Copy every line of the data that includes the string "NORM".

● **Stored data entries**
----

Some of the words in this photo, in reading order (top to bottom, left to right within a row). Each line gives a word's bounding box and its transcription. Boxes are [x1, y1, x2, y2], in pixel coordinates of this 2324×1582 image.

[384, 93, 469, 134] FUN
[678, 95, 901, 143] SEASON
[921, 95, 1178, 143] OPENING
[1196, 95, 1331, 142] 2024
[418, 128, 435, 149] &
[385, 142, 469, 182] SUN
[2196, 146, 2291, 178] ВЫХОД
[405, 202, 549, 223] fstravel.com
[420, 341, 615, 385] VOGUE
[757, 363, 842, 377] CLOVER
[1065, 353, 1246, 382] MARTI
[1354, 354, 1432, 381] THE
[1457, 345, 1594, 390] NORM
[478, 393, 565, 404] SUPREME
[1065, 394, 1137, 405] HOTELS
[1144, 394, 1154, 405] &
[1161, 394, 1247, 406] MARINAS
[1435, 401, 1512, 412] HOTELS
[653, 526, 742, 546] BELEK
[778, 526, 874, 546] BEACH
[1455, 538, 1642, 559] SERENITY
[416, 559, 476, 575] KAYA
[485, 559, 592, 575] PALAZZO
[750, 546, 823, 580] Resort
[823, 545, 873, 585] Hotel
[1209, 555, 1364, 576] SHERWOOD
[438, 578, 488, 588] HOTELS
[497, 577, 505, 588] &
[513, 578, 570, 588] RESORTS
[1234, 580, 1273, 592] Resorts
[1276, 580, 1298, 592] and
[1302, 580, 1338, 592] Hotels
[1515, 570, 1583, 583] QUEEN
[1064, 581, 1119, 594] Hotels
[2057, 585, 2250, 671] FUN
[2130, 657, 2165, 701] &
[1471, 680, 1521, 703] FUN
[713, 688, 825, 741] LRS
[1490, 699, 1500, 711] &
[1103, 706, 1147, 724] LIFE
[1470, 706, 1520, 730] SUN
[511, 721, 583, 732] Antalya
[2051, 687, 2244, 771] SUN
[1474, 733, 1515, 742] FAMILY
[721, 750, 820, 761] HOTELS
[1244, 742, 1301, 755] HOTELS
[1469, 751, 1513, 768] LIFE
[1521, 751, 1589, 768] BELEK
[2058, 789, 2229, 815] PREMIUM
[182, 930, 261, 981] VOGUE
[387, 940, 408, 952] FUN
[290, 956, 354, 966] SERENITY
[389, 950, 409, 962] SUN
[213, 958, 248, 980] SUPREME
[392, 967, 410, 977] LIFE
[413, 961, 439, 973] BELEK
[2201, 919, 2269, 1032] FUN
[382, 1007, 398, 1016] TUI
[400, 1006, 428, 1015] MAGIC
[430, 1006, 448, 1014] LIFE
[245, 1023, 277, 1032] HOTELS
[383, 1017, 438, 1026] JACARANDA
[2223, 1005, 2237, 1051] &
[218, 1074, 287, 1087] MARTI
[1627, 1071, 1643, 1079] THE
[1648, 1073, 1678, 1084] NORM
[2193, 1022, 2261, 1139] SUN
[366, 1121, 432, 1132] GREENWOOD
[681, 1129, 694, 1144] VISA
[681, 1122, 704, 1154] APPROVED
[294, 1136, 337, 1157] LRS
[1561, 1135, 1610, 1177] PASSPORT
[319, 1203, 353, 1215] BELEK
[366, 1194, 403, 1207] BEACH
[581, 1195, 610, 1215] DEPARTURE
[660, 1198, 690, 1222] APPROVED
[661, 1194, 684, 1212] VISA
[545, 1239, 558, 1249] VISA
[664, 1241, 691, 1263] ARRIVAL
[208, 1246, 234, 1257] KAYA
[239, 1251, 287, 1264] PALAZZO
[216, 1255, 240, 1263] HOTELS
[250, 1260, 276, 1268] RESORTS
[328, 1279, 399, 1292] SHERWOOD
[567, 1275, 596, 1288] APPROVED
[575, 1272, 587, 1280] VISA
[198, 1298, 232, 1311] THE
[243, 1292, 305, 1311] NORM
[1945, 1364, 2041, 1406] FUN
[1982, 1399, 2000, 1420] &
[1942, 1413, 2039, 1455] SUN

----

● **Your solution**
[1457, 345, 1594, 390] NORM
[1648, 1073, 1678, 1084] NORM
[243, 1292, 305, 1311] NORM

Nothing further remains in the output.